Typically it is believed that reducing the max_model_len would help in reducing the GPU memory usage.
But this fact was not observed while i tried deploying a model meta-llama-3.2-3b https://build.nvidia.com/meta/llama-3.2-3b-instruct?nim=self-hosted from NIM model repo o n Tesla T4 GPU (16GB VRAM).
Here I tried deploying the model using different values of max_model_len but the GPU memory usage remained constant.
here are logs:
Logs for max_model_len: 8192
the current vLLM instance can use total_gpu_memory (14.56GiB) x gpu_memory_utilization (0.90) = 13.11GiB
model weights take 6.02GiB; non_torch_memory takes 0.05GiB; PyTorch activation peak memory takes 1.22GiB; the rest of the memory reserved for KV Cache is 5.83GiB.
INFO 2026-06-22 05:04:45.292 executor_base.py:111] # cuda blocks: 3409, # CPU blocks: 2340
INFO 2026-06-22 05:04:45.292 executor_base.py:116] Maximum concurrency for 8192 tokens per request: 6.66x
logs for max_model_len: 4096
the current vLLM instance can use total_gpu_memory (14.56GiB) x gpu_memory_utilization (0.90) = 13.11GiB
model weights take 6.02GiB; non_torch_memory takes 0.05GiB; PyTorch activation peak memory takes 1.19GiB; the rest of the memory reserved for KV Cache is 5.85GiB.
INFO 2026-06-22 04:43:29.435 executor_base.py:111] # cuda blocks: 3422, # CPU blocks: 2340
INFO 2026-06-22 04:43:29.435 executor_base.py:116] Maximum concurrency for 4096 tokens per request: 13.37x
logs for max_model_len: 16384
the current vLLM instance can use total_gpu_memory (14.56GiB) x gpu_memory_utilization (0.90) = 13.11GiB
model weights take 6.02GiB; non_torch_memory takes 0.05GiB; PyTorch activation peak memory takes 1.26GiB; the rest of the memory reserved for KV Cache is 5.78GiB.

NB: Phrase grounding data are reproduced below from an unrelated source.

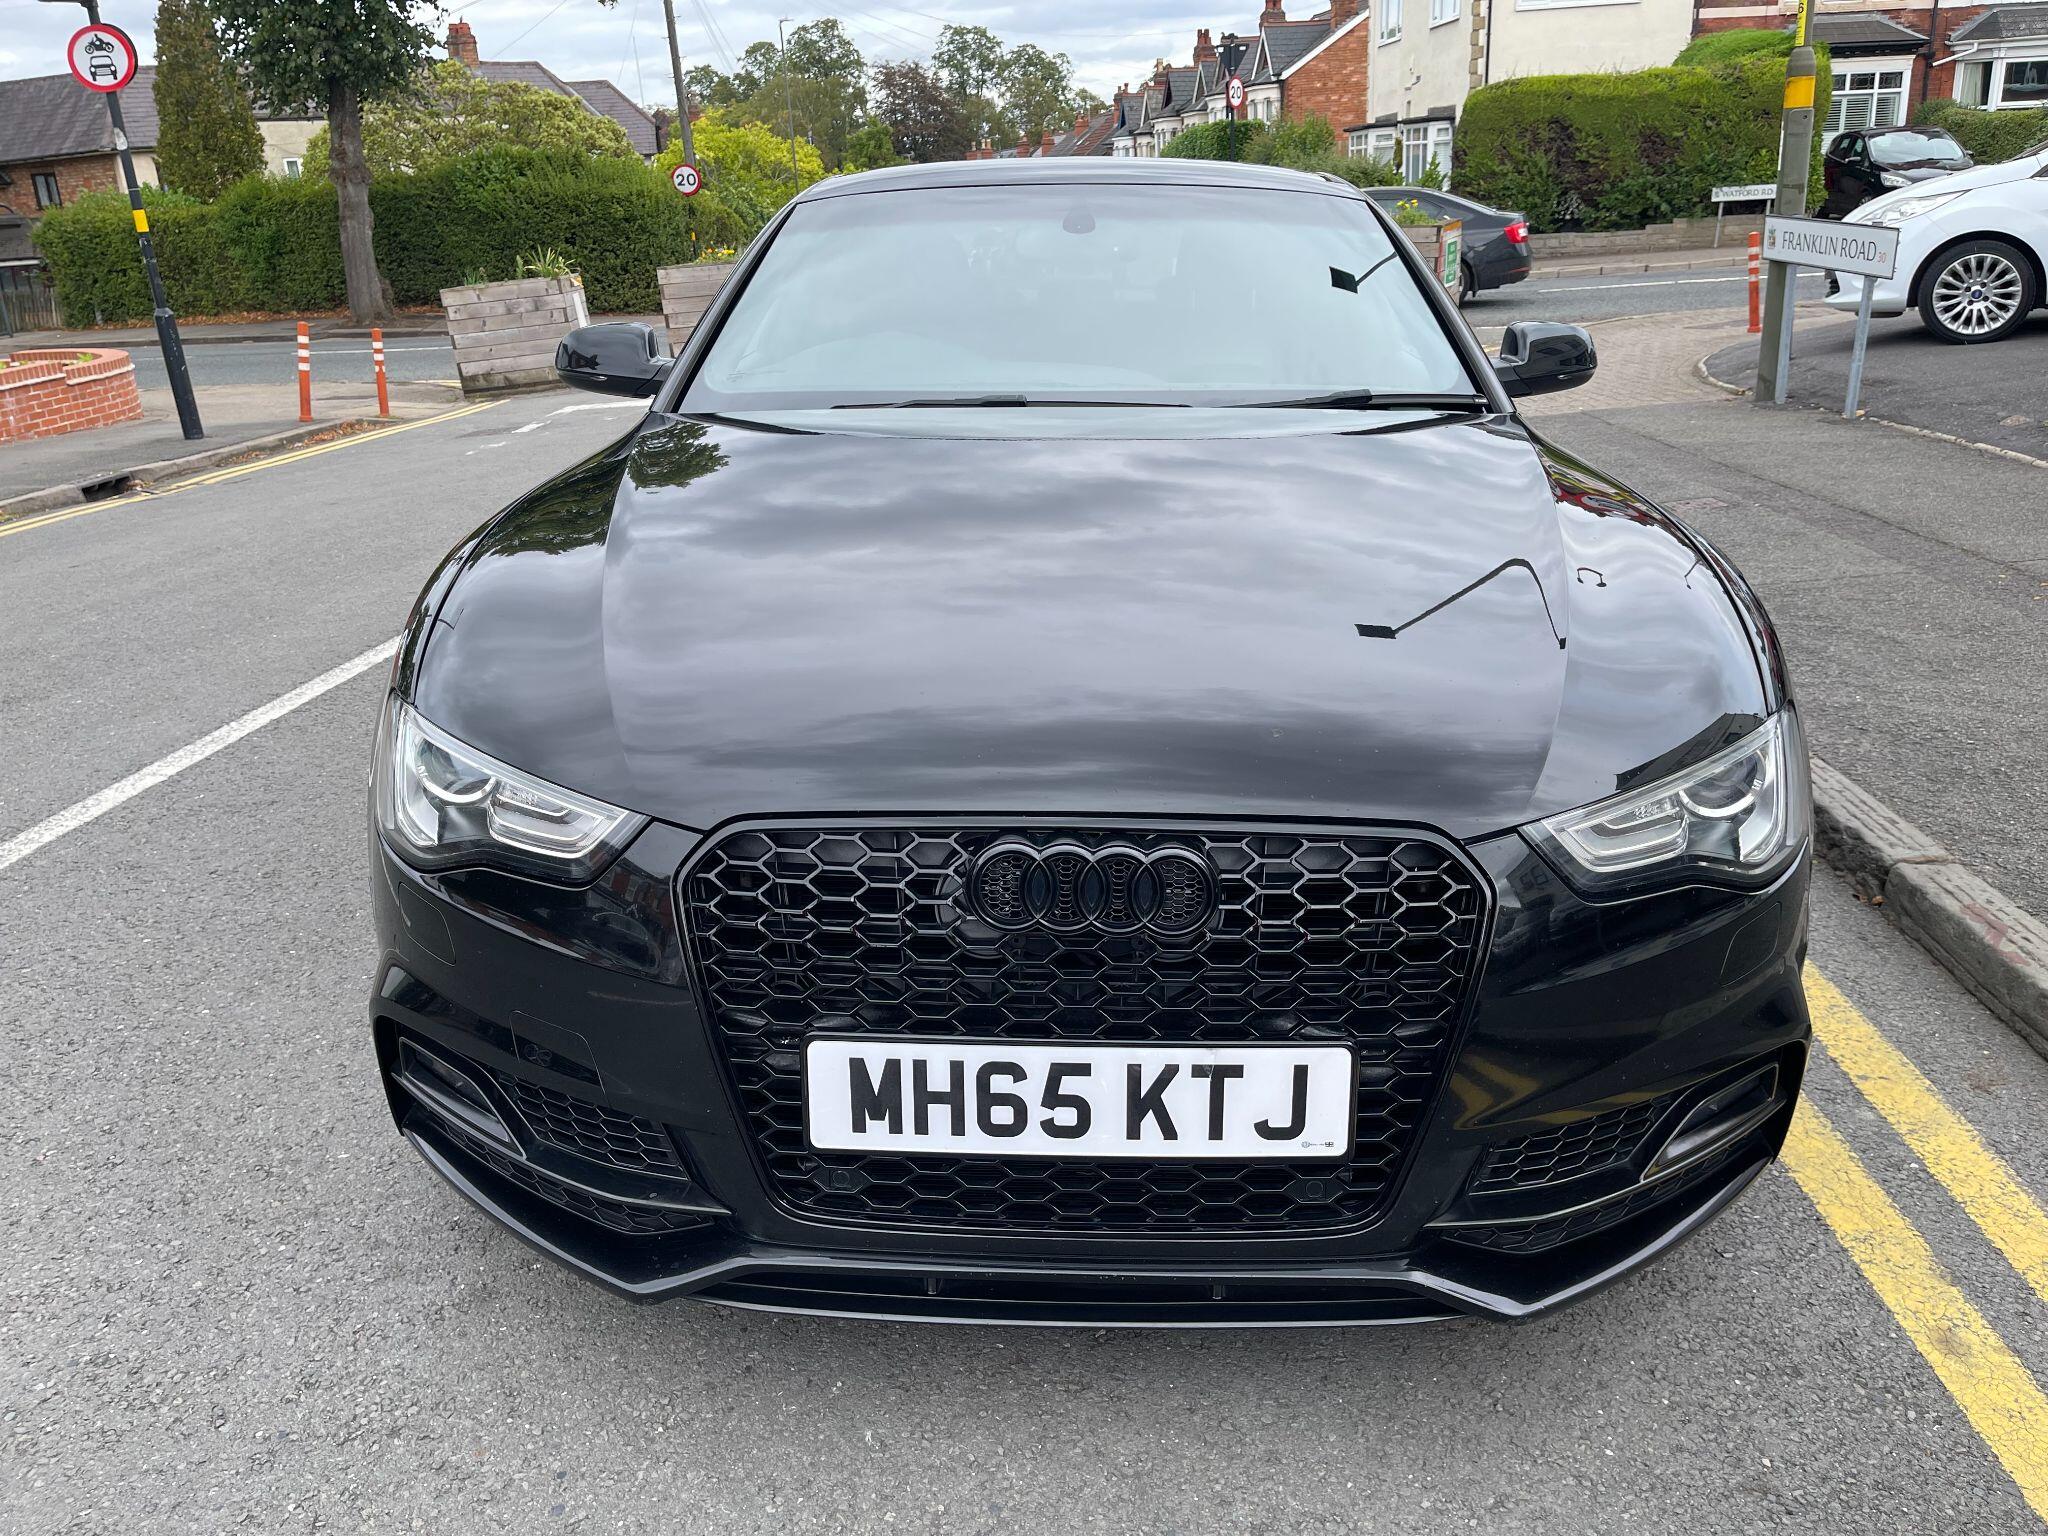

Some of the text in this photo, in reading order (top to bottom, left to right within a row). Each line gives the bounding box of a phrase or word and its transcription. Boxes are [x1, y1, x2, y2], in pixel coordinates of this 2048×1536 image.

[1798, 2, 1804, 14] 6
[1231, 86, 1242, 99] 20
[675, 173, 697, 187] 20
[1722, 187, 1774, 198] WATFORD RD
[1781, 231, 1887, 264] FRANKLIN ROAD 30
[848, 1056, 1310, 1142] MH65 KTJ

INFO 2026-06-22 05:29:37.546 executor_base.py:111] # cuda blocks: 3381, # CPU blocks: 2340
INFO 2026-06-22 05:29:37.546 executor_base.py:116] Maximum concurrency for 16384 tokens per request: 3.30x
Now this fact is contrary to what we think that lowering the context length would help us save some GPU memory.
Can you explain me the reason for such a behavior.